Gastrointestinal Endoscopy
Volume 71, Issue 4 , Pages 704-705, April 2010

Progress in outlining the frequency and risk of recurrent neoplasia after ablation of Barrett's esophagus

Department of Surgery, University of Rochester, Rochester, New York, USA

Article Outline

Abbreviations: HGD, high-grade dysplasia, LGD, low-grade dysplasial, PDT, photodynamic therapy, RFA, radiofrequency ablation

 

The introduction of endoscopic techniques that can treat early esophageal neoplasia has been one of the most significant advances in the past decade. EMR, initially developed in Japan by Inoue et al,1 coupled with more widespread mucosal ablation techniques, including photodynamic therapy (PDT) and radiofrequency ablation (RFA) has clearly provided an alternate treatment option to surgical resection. Data to date support endoscopic resection as the treatment of choice for focal mucosal esophageal adenocarcinoma and as an important adjunct to RFA in dysplastic Barrett's epithelium.2, 3 Early esophageal neoplasia is now a common clinical problem; low-grade dysplasia (LGD) will develop in 4% to 5% of patients with Barrett's esophagus, high-grade dysplasia (HGD) will develop in 1%, and adenocarcinoma will develop in 0.5% each year. T1 lesions, once rare, now account for as many as 20% of esophageal adenocarcinoma cases in the United States.

Endoscopic treatment is not without its downside, however. Two major factors play a key role in its application: first a significant prevalence of recurrent neoplasia, estimated to be 20% to 25% at 5 years, and, second, the intensity of diagnostic investigation currently used to detect these recurrences at an early stage. Both are relevant limitations and will have varying importance depending on the age, clinical characteristics, and comorbidities of each individual patient. In a prelude to the current article, the Mayo group retrospectively compared outcomes in 178 patients with mucosal esophageal adenocarcinoma seen between 1998 and 2007.4 One hundred thirty-two of these patients were treated with endoscopic ablation and 46 with surgical resection. At an average follow-up of 3.5 years, recurrent adenocarcinoma developed in 12% of the patients in the endoscopic treatment group (16/132 patients), nearly 10 times the prevalence after surgical resection (1 patient).

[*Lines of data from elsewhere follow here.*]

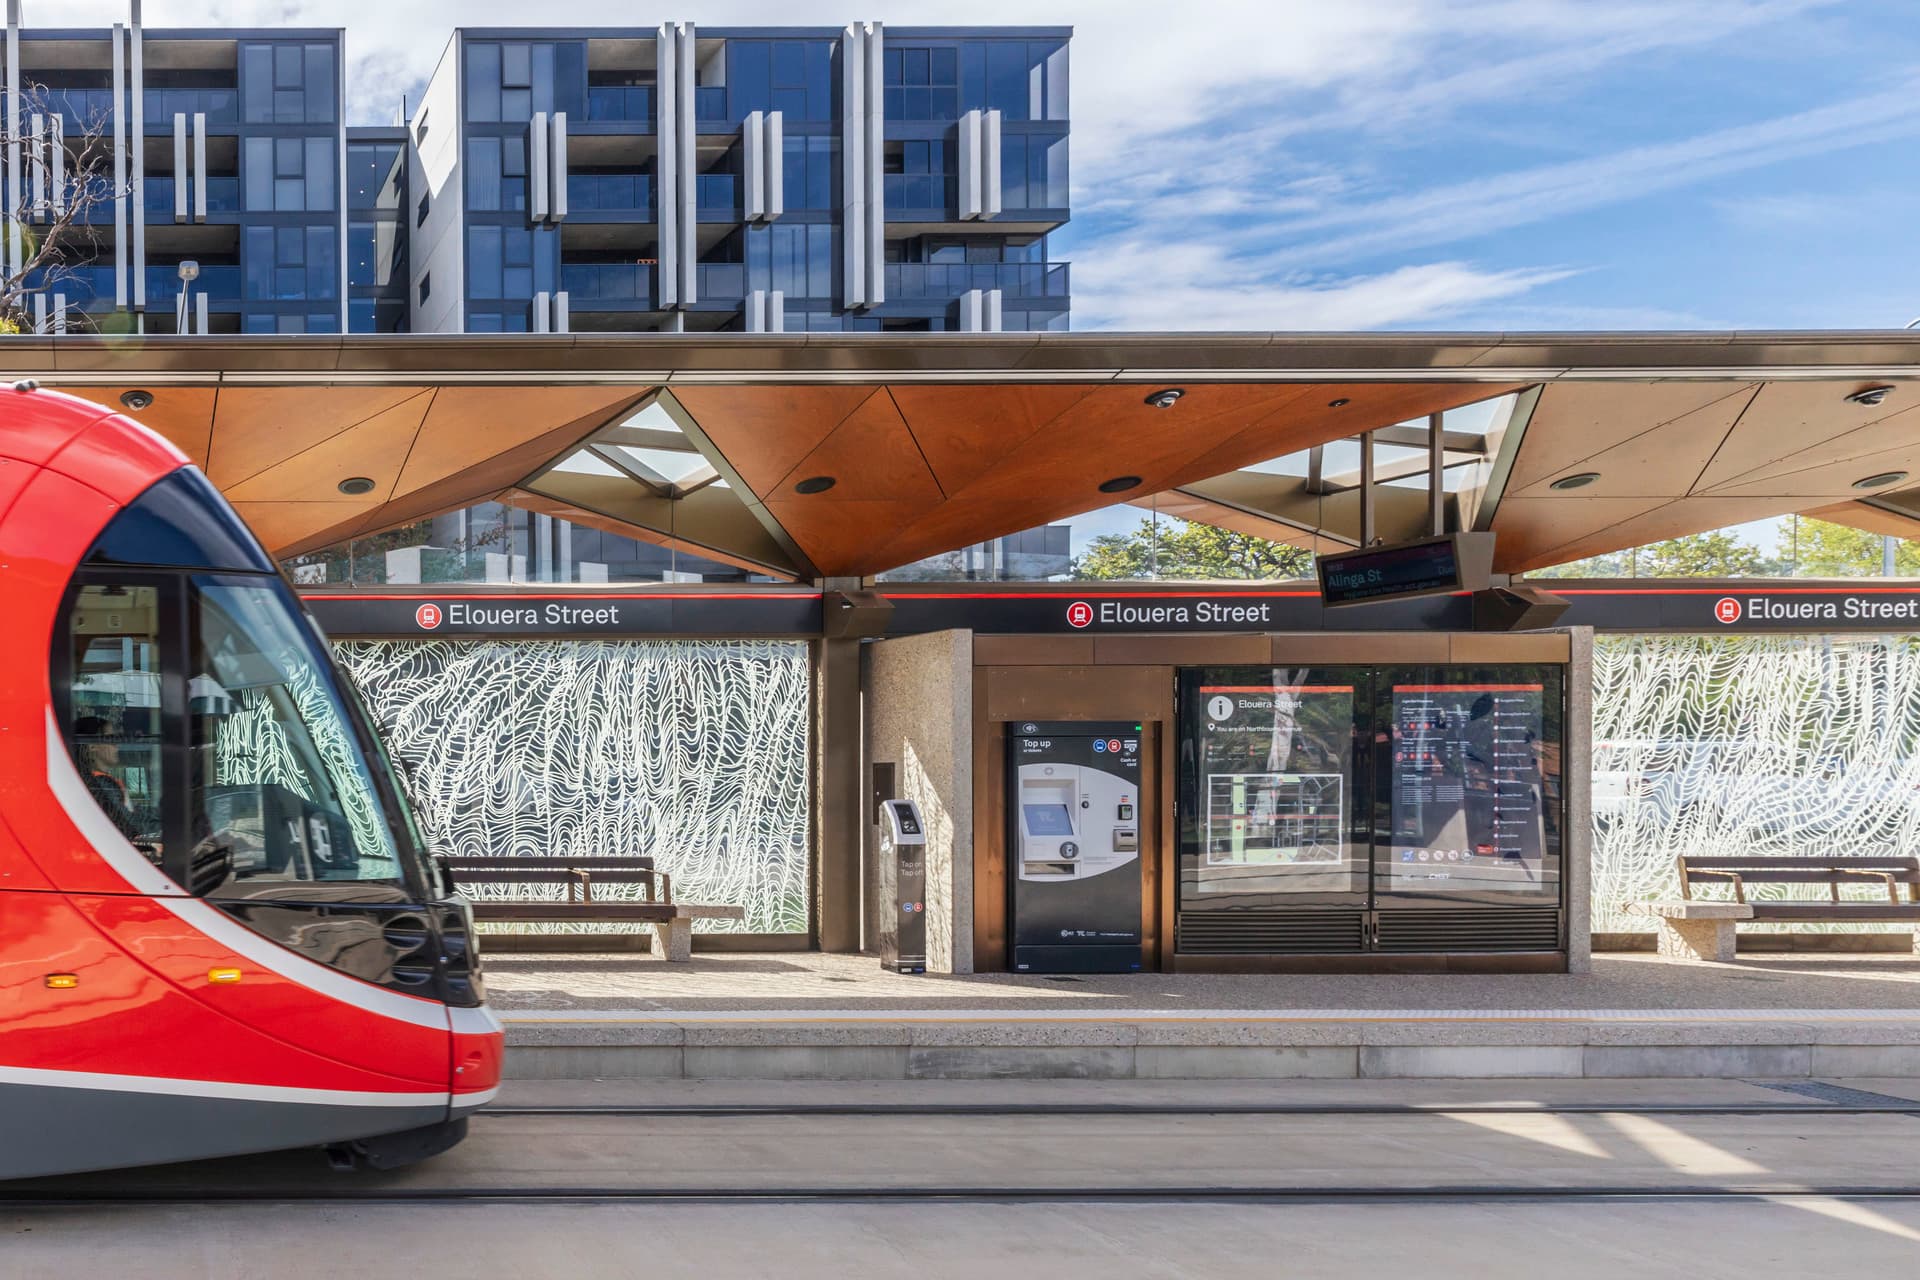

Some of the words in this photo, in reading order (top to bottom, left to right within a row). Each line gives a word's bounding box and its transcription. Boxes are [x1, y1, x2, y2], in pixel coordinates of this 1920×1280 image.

[1328, 573, 1366, 588] Alinga
[1367, 569, 1383, 582] St
[449, 604, 538, 625] Elouera
[544, 603, 620, 625] Street
[1100, 602, 1189, 623] Elouera
[1195, 601, 1270, 623] Street
[1748, 598, 1837, 619] Elouera
[1843, 597, 1918, 618] Street
[1238, 699, 1273, 709] Elouera
[1274, 699, 1303, 709] Street
[1023, 739, 1039, 749] Top
[1040, 740, 1051, 749] up
[901, 861, 913, 869] Tap
[901, 869, 913, 877] Tap

Although all recurrences were intramucosal cancers and all but one was managed endoscopically, this emphasizes the need to define risk factors for recurrences, bringing us to the current study.

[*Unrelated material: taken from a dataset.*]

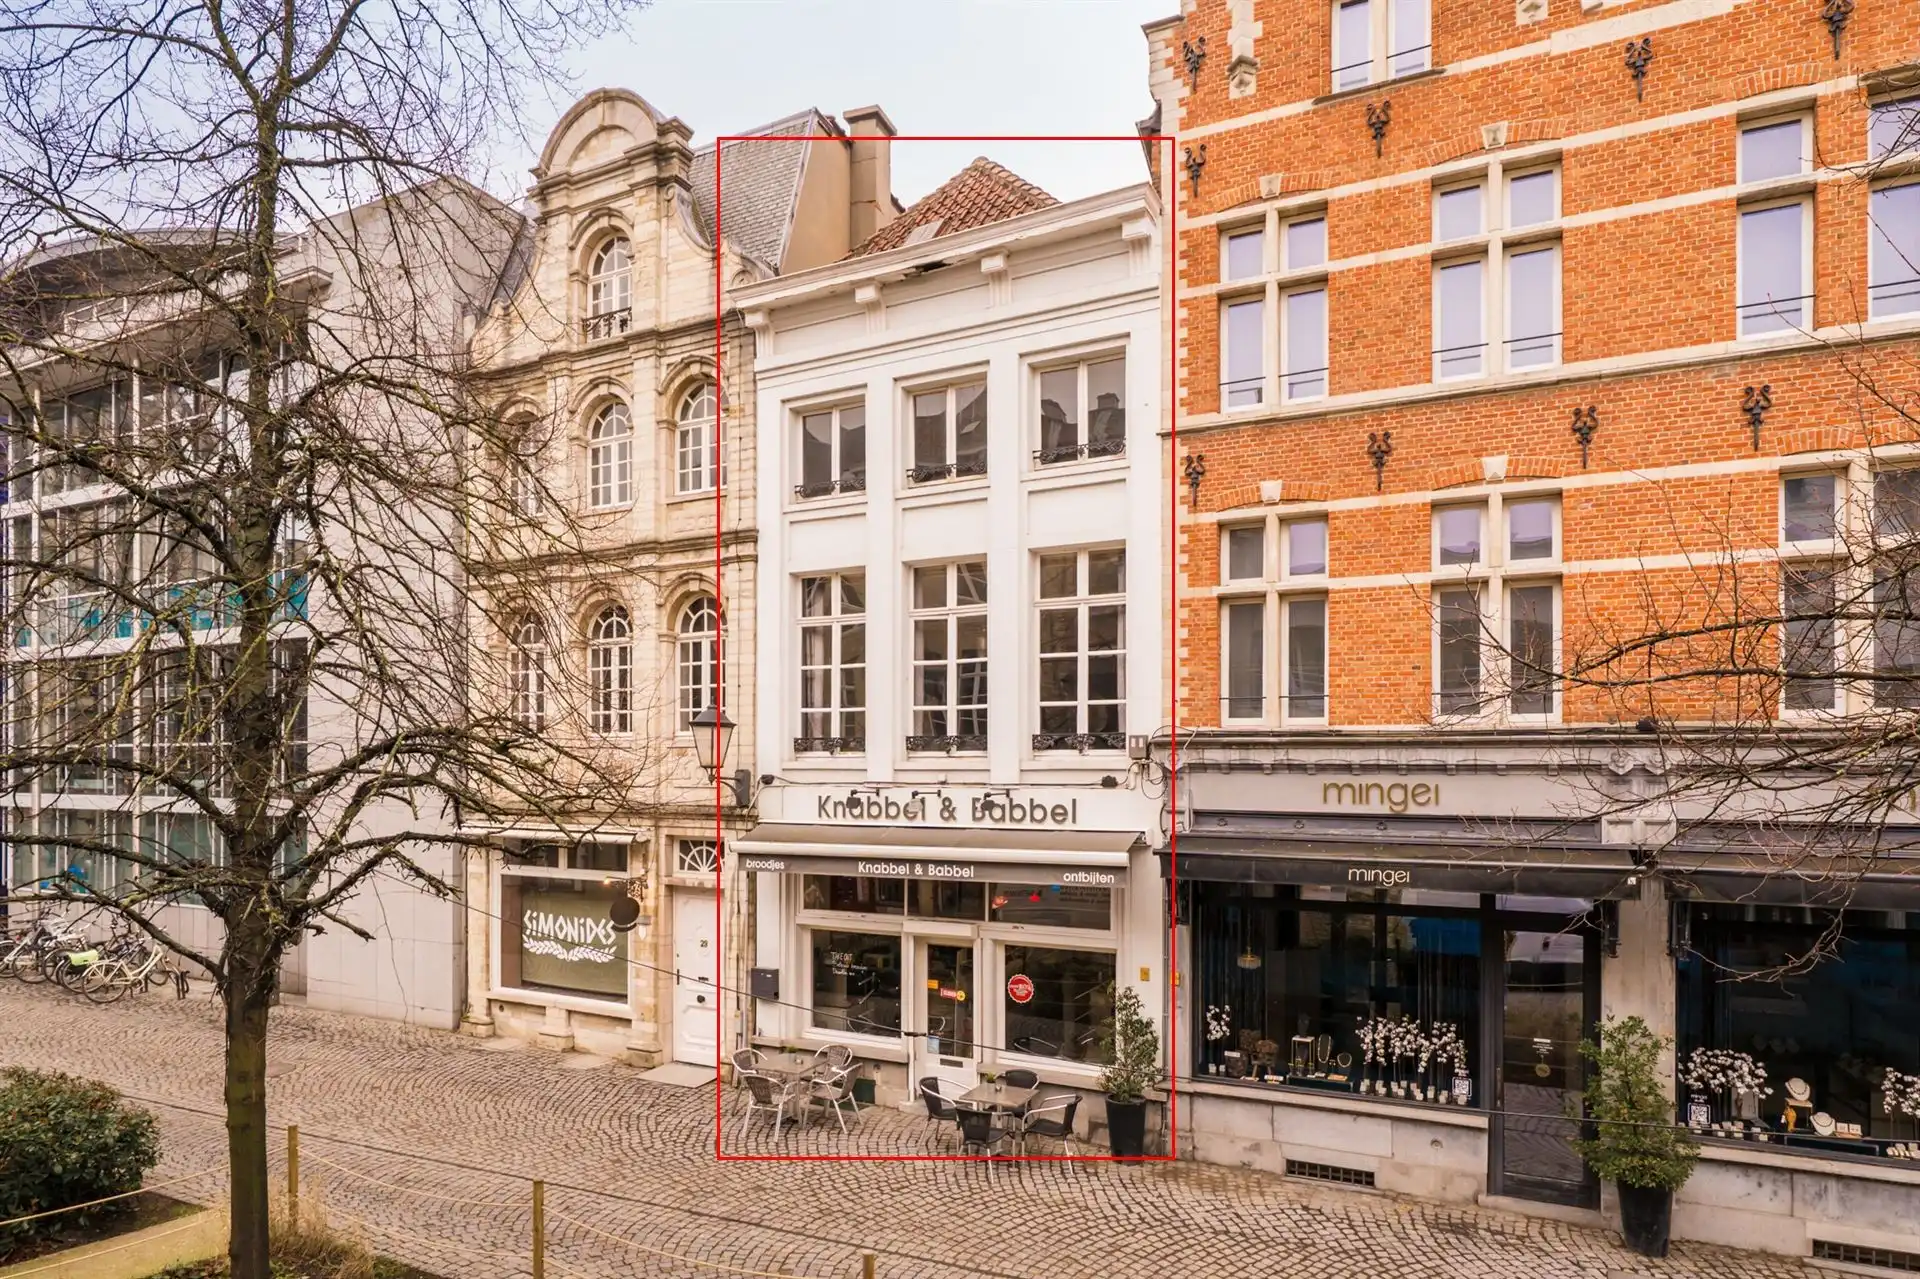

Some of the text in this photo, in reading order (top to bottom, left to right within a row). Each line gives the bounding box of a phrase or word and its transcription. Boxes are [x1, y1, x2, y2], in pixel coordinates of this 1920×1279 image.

The current study by Badreddine et al5 retrospectively assessed the prevalence of recurrent dysplasia or cancer in 261 patients with early neoplasia and Barrett's esophagus treated with PDT and EMR. The patients were treated over 13 years (1992-2005). The study group was taken from a cohort of 363 patients, with nearly one fourth of them either lost to follow-up (44/363, 12%) or with residual dysplasia despite endoscopic therapy (46/363, 13%). Importantly, the authors chose to include LGD (53/261, 20%), arguing correctly that LGD is a major risk factor for the development of HGD and intramucosal adenocarcinoma and as such should be included in the definition of early neoplasia. Given the pathologic uncertainties surrounding the identification of LGD, their choice of inclusion can and will be criticized, and the prevalence of recurrence increases significantly if these patients are excluded. The vast majority had HGD (152/261, 58%) and the minority intramucosal adenocarcinoma (56, 21%). Recurrent neoplasia occurred in 45 patients (12%) at a median of 17 months after treatment. All patients were maintained on twice-daily proton pump inhibitors and underwent upper endoscopy with 4-quadrant biopsies every 1 cm every 3 months for the first year and every 6 (LGD) or 12 (no dysplasia) months thereafter depending on biopsy findings. Definitions are important. Here, recurrence was defined by the presence of any grade of dysplasia or cancer after 2 consecutive biopsies without dysplasia. The importance of 14 variables was tested by regression analysis for their impact on the risk of recurrence. Again, definitions are important, and the findings might be different given alternate definitions. Hiatal hernia was defined as less than or greater than 2 cm, and body mass index greater than 25 was used to detect the impact of obesity and importantly multifocal dysplasia was not included as a study variable. Increased age, the presence of residual Barrett's esophagus, and smoking were found to be associated with recurrence.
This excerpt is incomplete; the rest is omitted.